Friday, June 28, 2019

Con Ed Rip Off of $3.8M Results in Time Served For Cooperator Bendel 7 Years For Farchione


By Matthew Russell Lee, Patreon
SDNY COURTHOUSE, June 27 – Louis Bendel and John Farchione together ripped off the utility company Con Edison for $3.8 million. Farchione pled guilty on the verge of trial and was sentenced by U.S. District Court for the Southern District of New York Judge J. Paul Oetken to seven years in prison. On June 27 Paul Bendel, who cooperated with the government, got time served and a curfew for six months, to visit his grandchilden in Floral Park and Fresh Meadows.
   Neither Bendel's 5K1.1 letter, nor either side's sentencing submission, is part of the public docket. Yet the sentencing was in open court, described as a proceeding of interest. The case is USA v. Bendel, 17-cr-640 (Oetken).
  The government wants it known that cooperators are rewarded. 
  But they don't want too much known, as Inner City Press reported the day before on June 26 when the sentencing submission for cooperating UN briber Vivian Wang was mostly redacted, and the Assistant US Attorney declined to say what assistant Wang had given, given that the implicated UN officials were never prosecuted.
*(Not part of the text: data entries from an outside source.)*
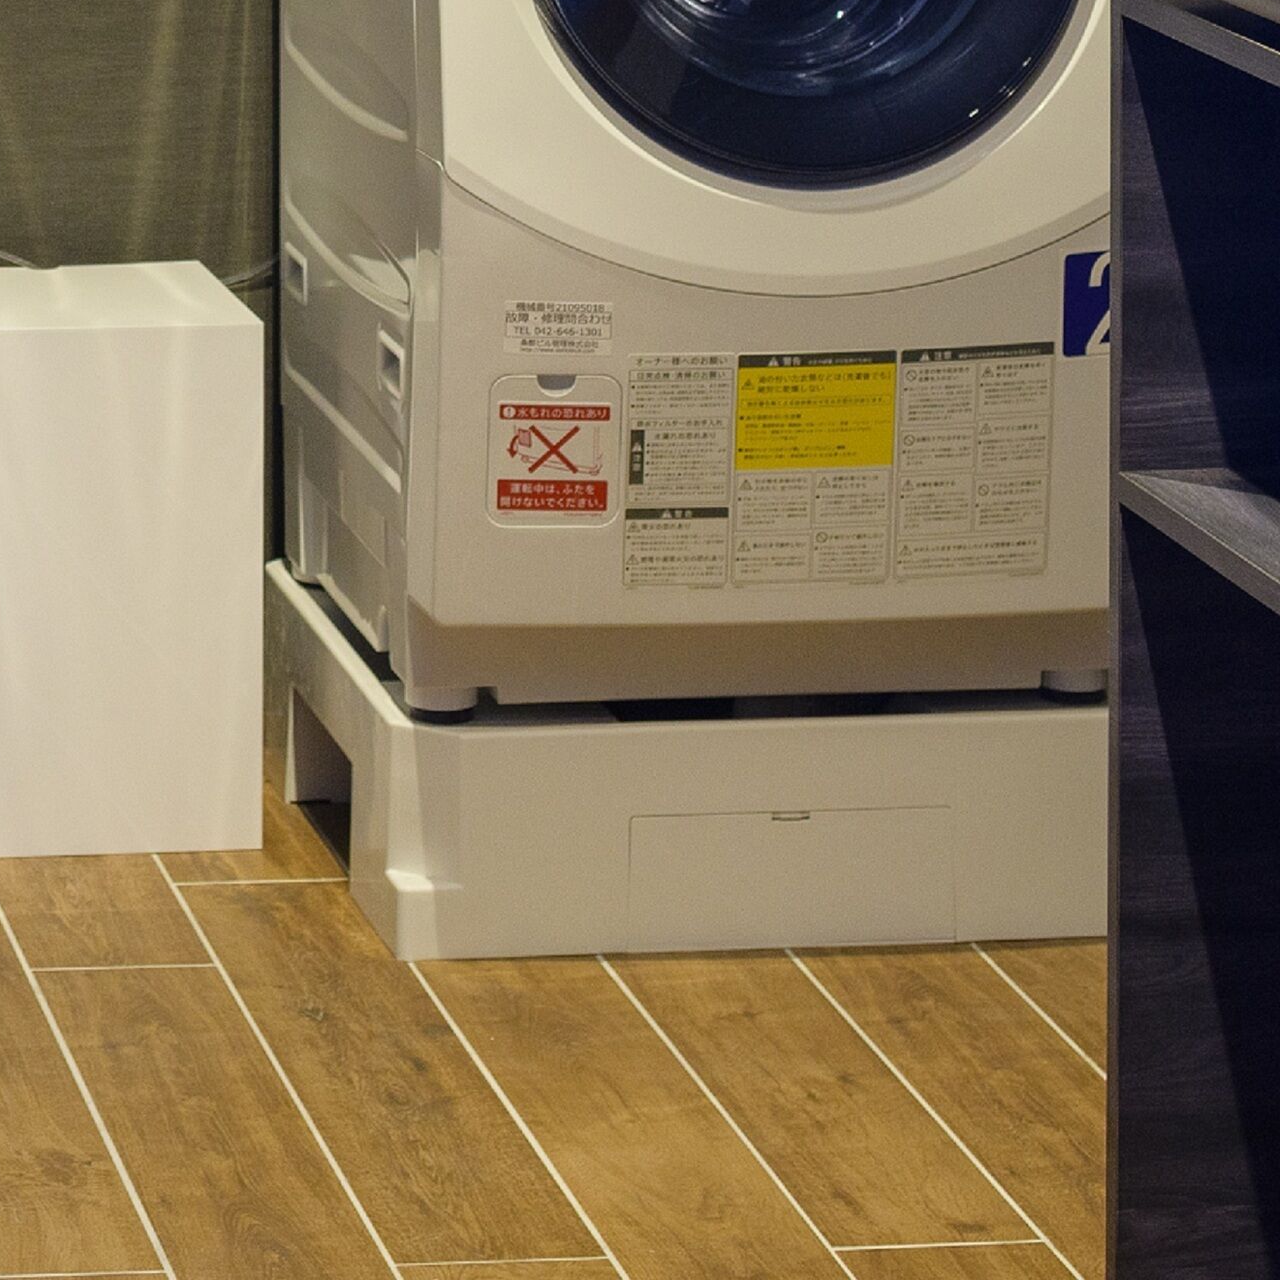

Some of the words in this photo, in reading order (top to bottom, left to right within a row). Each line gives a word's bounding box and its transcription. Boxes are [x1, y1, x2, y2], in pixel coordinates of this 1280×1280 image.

[515, 303, 605, 313] 機械番号21095018
[505, 313, 612, 325] 故障・修理問合わせ
[514, 327, 529, 335] TEL
[534, 327, 603, 337] 042-646-1301
[635, 356, 728, 366] オーナー様へのお願い
[782, 355, 802, 366] 警告
[517, 407, 608, 418] 水もれの恐れあり
[510, 483, 595, 494] 運転中は、ふたを
[500, 496, 604, 508] 開けないでください。
Vivian Wang, who as money manager for convicted UN briber Ng Lap Seng's South South News made payments to disgraced President of the UN General Assembly John Ashe, was given a time served sentence on June 26 by U.S. District Court for the Southern District of New York Judge George B. Daniels.
   Wang's lawyers at Goodwin Proctor, in a heavily redacted sentencing submission, stated that her deceased husband Forest Cao "was 57 years old adn had no known health problems of medical conditions. No autopsy was performed."
 It also says, as to UN President of the General Assembly John Ashe, that while awaiting trial on UN bribery charges "his death was reported as the result of a 'weightlifting accident' after a barbell apparently crushed his throat."
  After the sentencing, Inner City Press with covered the Ng Lap Seng trial before SDNY Judge Vernon Broderick daily asked Wang's lawyer Derek A. Cohen if he was implying that Forest Cao and John Ashe were killed, and why he had so heavily redacted this sentencing submission.
 "It speaks for itself," Cohen said by the elevators. Likewise the Assistant U.S. Attorney on the case Daniel C. Richenthal declined Inner City Press' question about who beyond Ng Lap Seng Ms. Wang had cooperated against.
 Judge Daniels did not preside over the trial of Ng Lap Seng. He accepted the government's recommendation of time served with very little inquiry. 
  He said as if by rote that corruption of the UN is a serious matter. But if so, why should a person who paid bribes in the UN get such a light sentence with little public showing of the benefit of their cooperation?
   Corruption has continued at the UN since the prosecution of Ng Lap Seng, resulting in his four year prison sentence. A second, separately prosecution was brought against Patrick Ho of CEFC China Energy, an entity which also tried to buy the oil company of Lisbon-based Gulbenkian Foundation which employed current UN Secretary General Antonio Guterres as a compensated board member. 
  Neither in the Ho nor Ng Lap Seng cases where any of the UN Secretariat officials implicated in the bribery schemes prosecuted. 
  This laxity can be contrasted with another SDNY proceeding a mere hour later, in which Judge P. Kevin Castel looked behind the U.S. Attorney's Office's 5k1.1 cooperation letters and imposed jail time on the four siblings, the Seggermans, who evaded taxes. That underlying case was USA v. Little, 12-cr-647 (Castel). This bifurcated case is USA v. Wang, 16-cr-495 (Daniels).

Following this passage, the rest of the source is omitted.